• TASK DIRECTIONS: Copy out every record below with complete accuracy.

(Spatial localization data)
/---
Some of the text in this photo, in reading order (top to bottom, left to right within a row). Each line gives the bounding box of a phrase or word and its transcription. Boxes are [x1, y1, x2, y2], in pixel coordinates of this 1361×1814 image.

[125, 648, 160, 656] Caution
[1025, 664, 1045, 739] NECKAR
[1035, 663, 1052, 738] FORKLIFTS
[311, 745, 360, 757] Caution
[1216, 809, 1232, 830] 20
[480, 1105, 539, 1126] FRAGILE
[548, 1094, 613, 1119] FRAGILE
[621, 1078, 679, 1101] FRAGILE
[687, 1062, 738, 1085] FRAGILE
\---
• REPLY:
Some of the text in this photo, in reading order (top to bottom, left to right within a row). Each line gives the bounding box of a phrase or word and its transcription. Boxes are [x1, y1, x2, y2], in pixel coordinates of this 1361×1814 image.

[125, 648, 160, 656] Caution
[1025, 664, 1045, 739] NECKAR
[1035, 663, 1052, 738] FORKLIFTS
[311, 745, 360, 757] Caution
[1216, 809, 1232, 830] 20
[480, 1105, 539, 1126] FRAGILE
[548, 1094, 613, 1119] FRAGILE
[621, 1078, 679, 1101] FRAGILE
[687, 1062, 738, 1085] FRAGILE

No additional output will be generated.